Conheci essa linha quase por acaso, através de uma amiga que trabalha em uma ótica e sabe tudo sobre os meus hábitos: “Você pode até deixar de comprar roupas novas ou acessórios, mas nunca deixa de ter um bom protetor solar”, ela sempre diz! Pois bem, quando ela me apresentou os produtos que estava revendendo — loções corporais, cremes hidratantes, perfumes variados —, aquele frasco pequeno e discreto chamou minha atenção imediatamente. Eu confesso que achava que a linha Routine Dermo já não era mais produzida, tamanha a distância que a marca ganhou do mercado nos últimos tempos. A curiosidade falou mais alto: resolvi investir R$ 90,00 em um frasco de 40 gramas. Já adiantei de cara que, para mim que sou usuária dedicada e aplico o protetor logo ao amanhecer, antes mesmo dos primeiros raios solares se intensificarem, e que sigo a recomendação médica de reaplicar a cada duas horas, essa quantidade dificilmente vai durar um mês inteiro — quem sabe uns 20 dias, no máximo! (Risos)
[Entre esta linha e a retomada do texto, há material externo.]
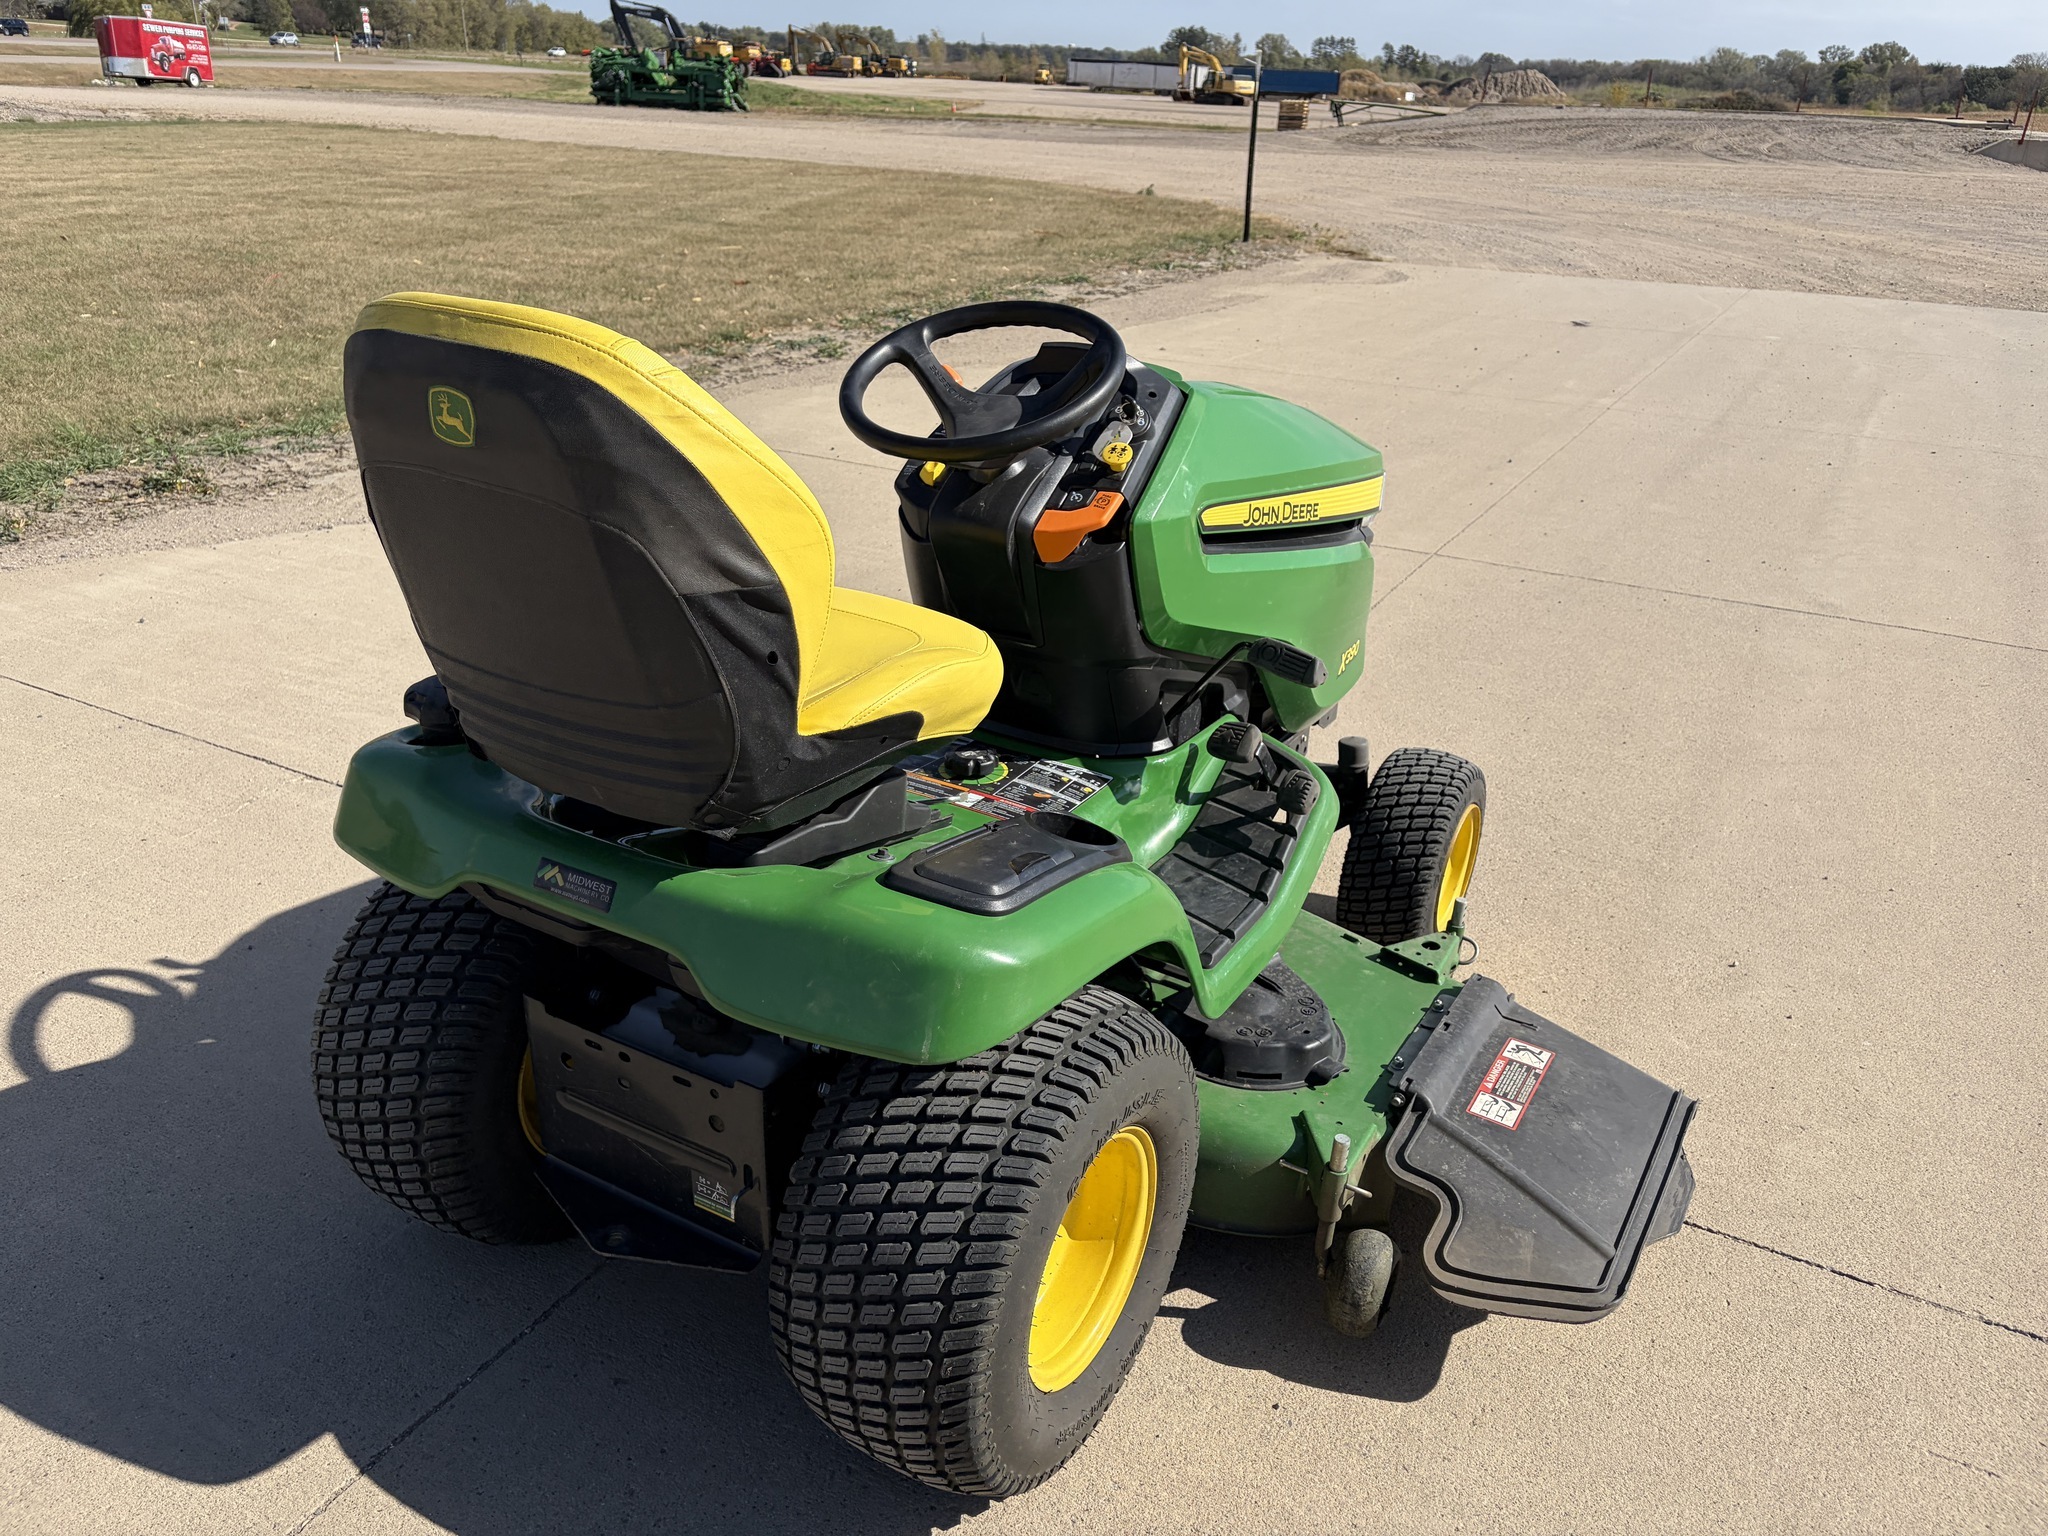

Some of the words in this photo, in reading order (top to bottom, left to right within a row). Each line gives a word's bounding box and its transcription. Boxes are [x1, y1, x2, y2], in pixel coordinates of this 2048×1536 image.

[142, 23, 163, 33] SEWER
[163, 25, 184, 35] PUMPING
[184, 28, 205, 38] SERVICES
[1243, 503, 1280, 524] JOHN
[1282, 501, 1320, 520] DEERE
[565, 882, 599, 899] MACHINERY
[567, 873, 613, 895] MIDWEST
[1487, 1060, 1506, 1081] DANGER
Mas a curiosidade foi maior que a vontade de economizar, e não me arrependi de ter testado, pois tenho agora uma avaliação baseada na prática e não apenas em propaganda. Após sete dias de uso contínuo, inclusive em dias mais quentes e com deslocamentos ao ar livre, tenho várias observações:
Sensação de uso e textura: o grande ponto positivo
A primeira coisa que notei ao espalhar o produto foi a textura leve e fluida, muito diferente de protetores solares antigos que deixavam a pele pesada ou esbranquiçada. Logo após a aplicação, a pele fica instantaneamente macia, com aquele toque aveludado e aspecto revigorado — como se tivesse recebido um hidratante potente, antes mesmo da proteção começar a fazer efeito. Mesmo nos dias mais quentes, em que naturalmente transpiramos mais, a pele não ficou com aquele aspecto pegajoso ou oleoso tão incômodo. Esse detalhe faz dele uma ótima opção para usar sob maquiagem: ele cria uma base uniforme, sem acumular nas dobras da pele ou fazer com que o produto escorra com o suor.
Por ser na versão sem cor, ele não conta com pigmentos que ajudam a barrar a luz azul — e isso é um ponto importante para destacar! Hoje em dia sabemos que a luz azul emitida por celulares, computadores e luzes artificiais também causa envelhecimento precoce, manchas e perda de viço. Muitos protetores modernos já incluem ativos que minimizam esse efeito, mesmo os mais acessíveis, e aqui no blog eu vou sempre indicar essas opções quando as encontrar. Fique ligado(a) nas próximas publicações! Clique no botão seguir, nos 3 pontinhos.
Análise dos ingredientes: o que os rótulos e estudos científicos nos dizem
Como vocês sabem, eu leio todo o rótulo antes de usar qualquer produto e procuro entender a função e a segurança de cada componente. Esse protetor está dentro das normas estabelecidas pela ANVISA no que se refere às concentrações permitidas, mas há ingredientes que merecem uma explicação mais detalhada para vocês escolherem com consciência:
- Homossalato: É um filtro solar químico muito comum no Brasil, mas estudos científicos já demonstram que ele é absorvido pela pele em quantidades significativas. Pesquisas indicam que ele pode atuar como disruptor endócrino, ou seja, interferir no funcionamento dos hormônios do corpo — inclusive o estrogênio. Na União Europeia, as concentrações permitidas desse componente são bem menores justamente por causa dessa preocupação com a saúde a longo prazo. A absorção sistêmica é o ponto que mais me deixa cautelosa: quando usamos produtos todos os dias, durante anos, esses compostos podem se acumular no organismo.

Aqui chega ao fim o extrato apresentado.